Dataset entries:
━━━━━━━━━━

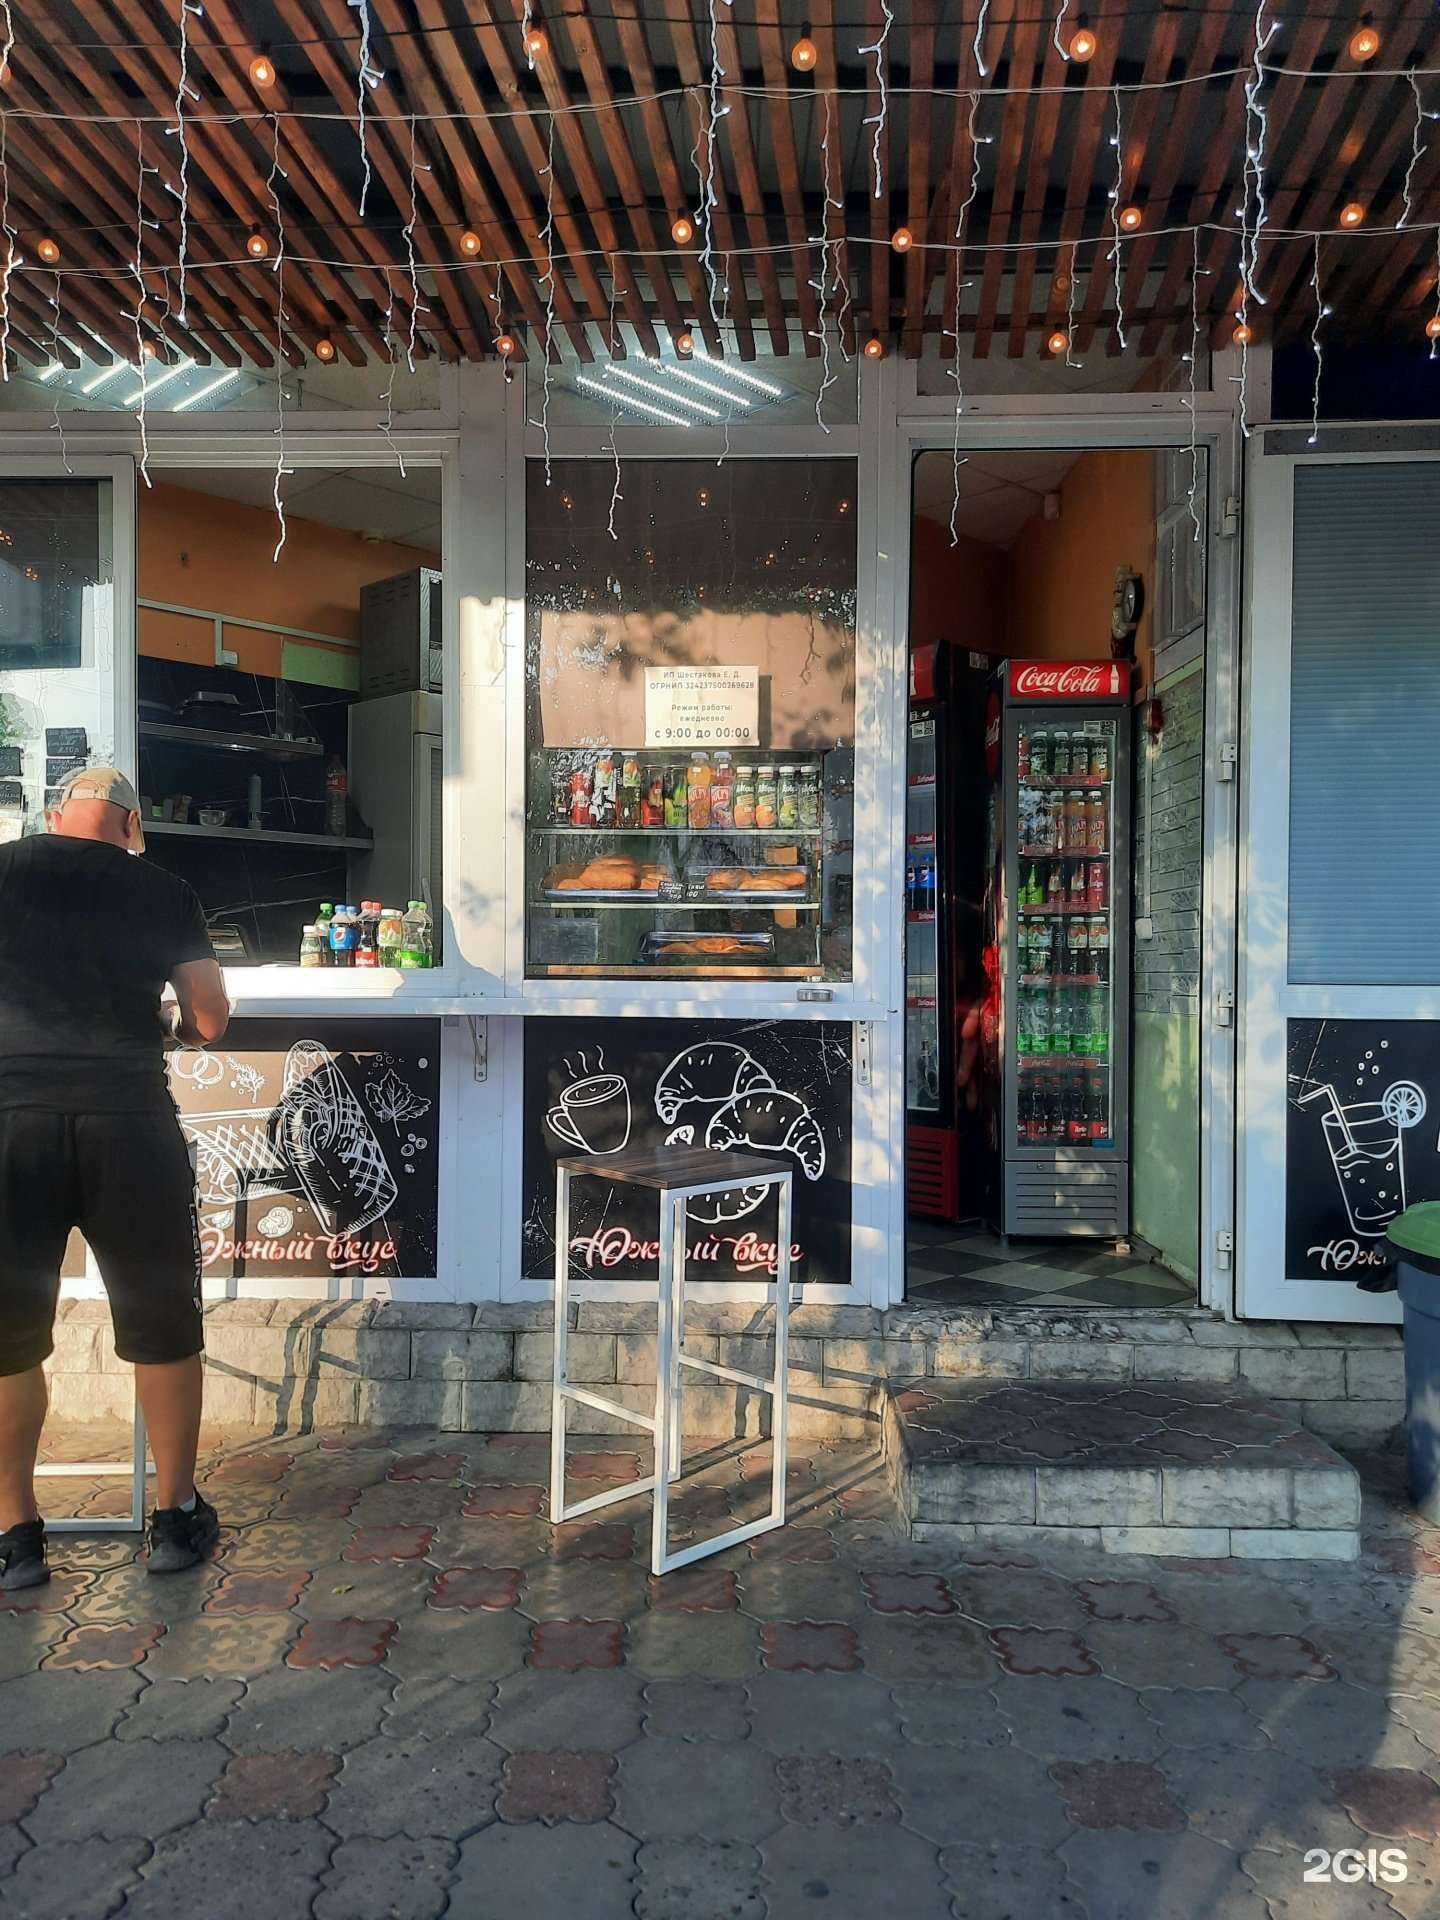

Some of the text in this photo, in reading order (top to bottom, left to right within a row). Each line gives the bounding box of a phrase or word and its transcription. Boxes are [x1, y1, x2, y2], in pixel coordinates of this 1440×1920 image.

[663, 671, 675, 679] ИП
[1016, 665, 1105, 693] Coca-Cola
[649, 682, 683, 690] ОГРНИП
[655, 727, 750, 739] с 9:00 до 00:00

━━━━━━━━━━

- Directions
The records are to be retyped in full and exactly, with no image carried over.

- Final answer
Some of the text in this photo, in reading order (top to bottom, left to right within a row). Each line gives the bounding box of a phrase or word and its transcription. Boxes are [x1, y1, x2, y2], in pixel coordinates of this 1440×1920 image.

[663, 671, 675, 679] ИП
[1016, 665, 1105, 693] Coca-Cola
[649, 682, 683, 690] ОГРНИП
[655, 727, 750, 739] с 9:00 до 00:00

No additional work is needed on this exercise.